In seguito alla discesa dell’uomo nella materia,

sempre più andò perduta la vista dello spirituale e di ciò che è fisicamente divino nell’universo.

 

I residui dell’antica chiaroveggenza ancora esistenti andarono gradatamente perduti,

e in certo modo la natura venne sdivinizzata.
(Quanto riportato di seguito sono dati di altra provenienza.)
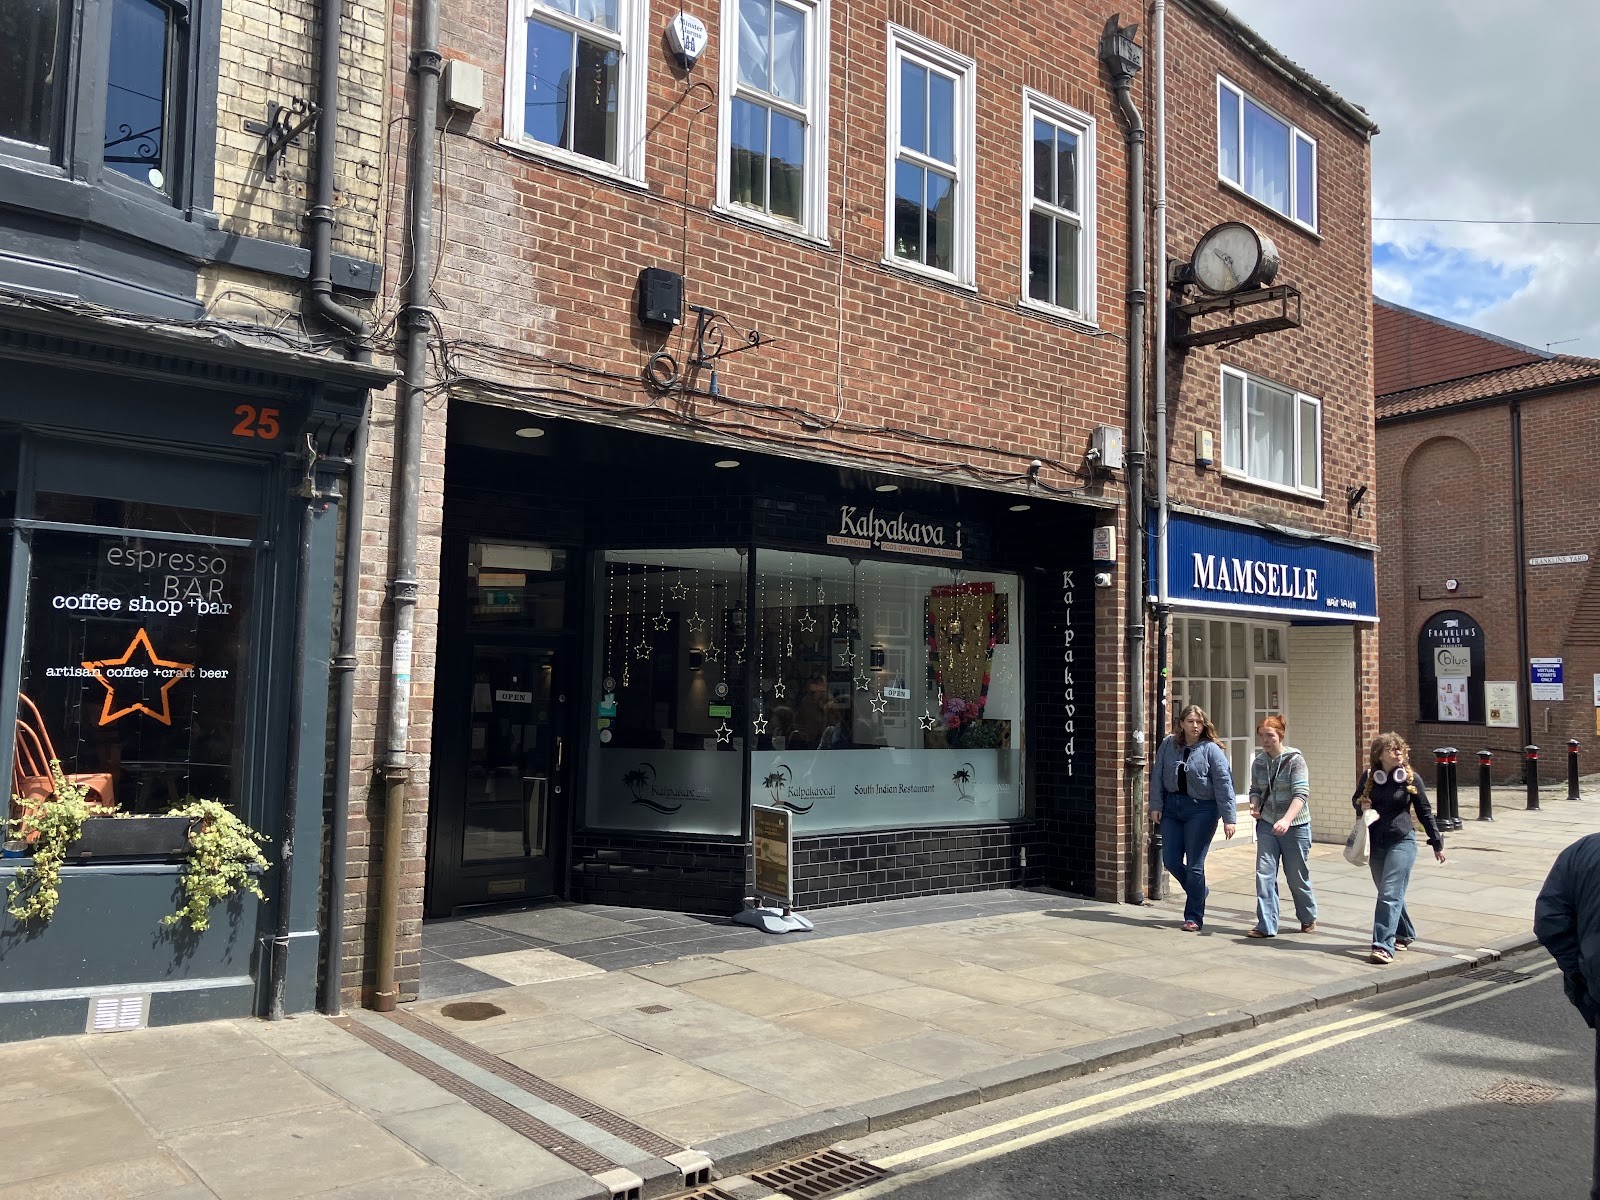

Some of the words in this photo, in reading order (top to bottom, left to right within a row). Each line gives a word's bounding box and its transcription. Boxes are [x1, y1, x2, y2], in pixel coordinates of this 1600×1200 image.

Un mondo semplicemente materiale si stendeva davanti agli uomini, e

di fronte a tale mondo materiale l’uomo non poteva conservare la fede

che un Principio-Cristo fosse in esso obiettivamente operante.

 

Così sarebbe indubbiamente un’assurdità pensare che il Cristo abbia un posto nell’immagine del mondo dei pensatori materialistici, nell’idea formatasi per esempio nel secolo diciannovesimo secondo cui l’universo che all’origine della nostra terra sia un agglomerato dalla nebulosa primordiale di Kant-Laplace, e che poi la vita sia sorta sui singoli pianeti; il che ha condotto da ultimo ad immaginare l’intero mondo come una collaborazione di atomi.

 

Di fronte a una tale immagine del mondo l’entità del Cristo non si può sostenere; di fronte a una tale immagine del mondo non si può in genere sostenere niente di spirituale. Dobbiamo anzi capire che qualcuno sostenga quel che ho letto la volta scorsa: che credere alla risurrezione costringerebbe a distruggere tutta l’immagine che ci si fa del mondo.

 

Questa immagine del mondo che a poco a poco si è andata formando mostra soltanto che,

per lo studio esteriore della natura e con quel modo di pensare sulla natura esteriore,

è sparita la possibilità di immedesimarsi nell’essere vivente dei fatti naturali.

 

Se parlo in questo modo, non è per fare della critica negativa. Doveva succedere che una volta la natura venisse sdivinizzata e spogliata di spiritualità, perché l’uomo potesse concepire l’assieme di idee astratte necessarie per comprendere la natura esteriore, come è divenuto possibile nelle concezioni di Copernico, Keplero e Galileo.

 

L’umanità doveva afferrare la trama delle idee che ha condotto alla nostra epoca delle macchine. Ma d’altra parte era necessario che il nostro tempo avesse un compenso per quel che non poteva esservi nella vita exoterica, un compenso per il fatto della sopravvenuta impossibilità di trovare direttamente dalla terra la via alla spiritualità. Se infatti gli uomini avessero potuto trovare la via alla spiritualità, avrebbero dovuto trovare la via al Cristo, come la si troverà nei prossimi secoli. Vi doveva essere un compenso.